I, like I assume most people do, have milestones with my healthy life change with regards to fitness and weight loss. I had a bad back end to last week on the healthy eating front. Circumstances on Thursday lead to me having pizza for my evening meal; Friday saw me skipping badminton to go to the pub with a friend I hadn’t seen in a long time (she lives out of town) and then on Sunday I had cheeseburger and chips for my lunch when I was out with my mother. All this after my lovely weight loss for my weigh in last Wednesday.
Last Wednesday I set myself a target/milestone for my weight loss, getting below 120Kg for this weeks weigh in. This was playing on my mind today before the gym thinking how much damage I had done to my goal by this bad spell. Therefore I had an unofficial weigh-in before the gym yesterday just to see how bad it was going to be, or how much harder I had to work to hit my target. My current weight (unofficially) is exactly 120Kg, so I look in a good position for hitting this weeks target.

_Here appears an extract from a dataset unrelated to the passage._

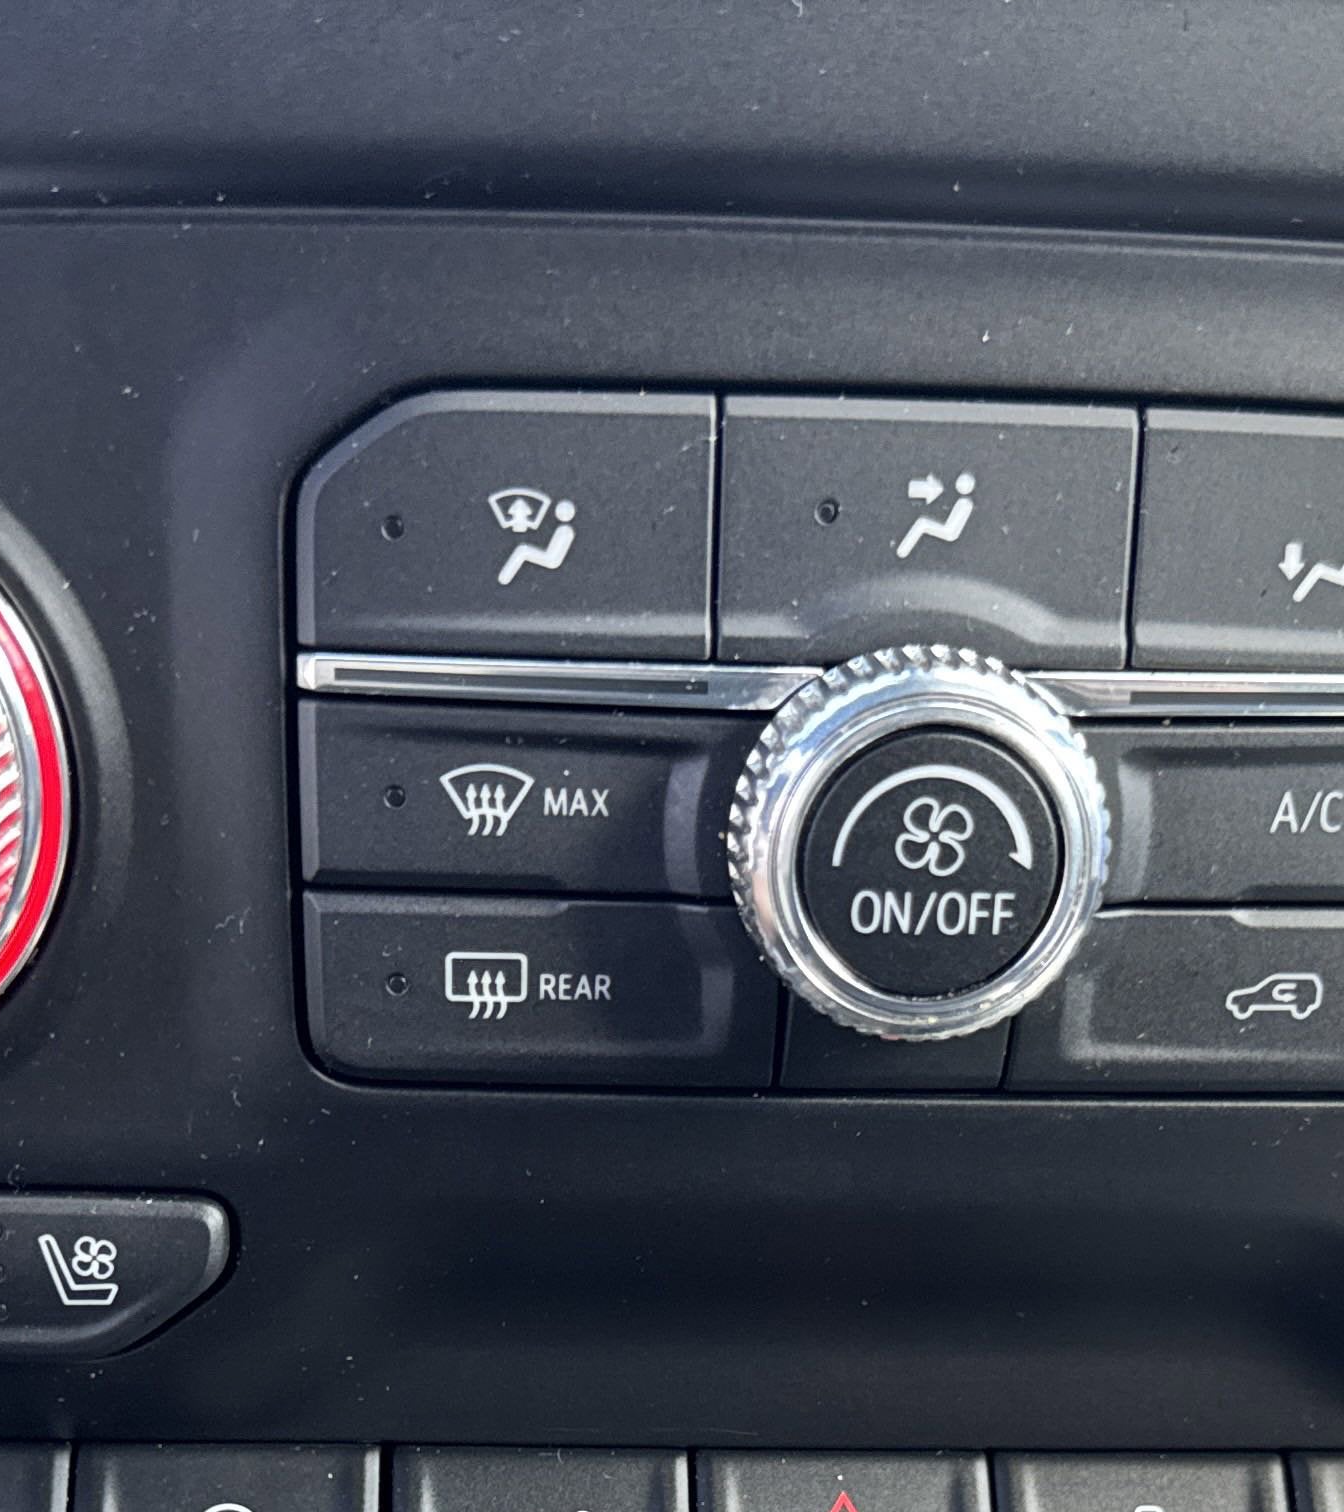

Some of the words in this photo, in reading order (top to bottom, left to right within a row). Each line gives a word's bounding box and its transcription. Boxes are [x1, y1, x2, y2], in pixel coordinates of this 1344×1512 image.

Great! You may think, but as good as it looks, it got my mind thinking in bad ways. Very bad ways. When I saw that I had still lost weight despite 3 bad days last week, and day less exercise, I thought “excellent, I can eat anything and do a little less exercise and still lose weight”. I half started planning going back onto Coca-cola, having a mars bar at lunch every day and eating a bit more junk food. Very bad, dangerous thoughts.
Fortunately the sensible side of me woke up and shut those thoughts down faster than they took hold. I realised that I was able to have this clichéd ‘falling off the wagon’ and still show results because I have worked so hard to get my weight down and my fitness up that it will handle these problems every now and then.
So overall, I am on target for hitting my milestone of being under 120Kg, close to the milestone I set myself to help keep me on track; however I did have thoughts which had me thinking that I didn’t need to stick rigidly to everything I was doing and I could slack off when I wanted and still benefit.
I do worry, though, that some people out there might be in a similar position of hitting their milestones and still managing it despite a few bad days which could really throw them out there unable to get the bad thoughts I had and therefore ruining all of their hard work.
Personally I think milestones are good. It helps you break down your overall target into more manageable chunks which I feel will help keep you motivated. However, don’t be drawn in to the bad thoughts I had if you have some days which are less than ideal for your overall diet.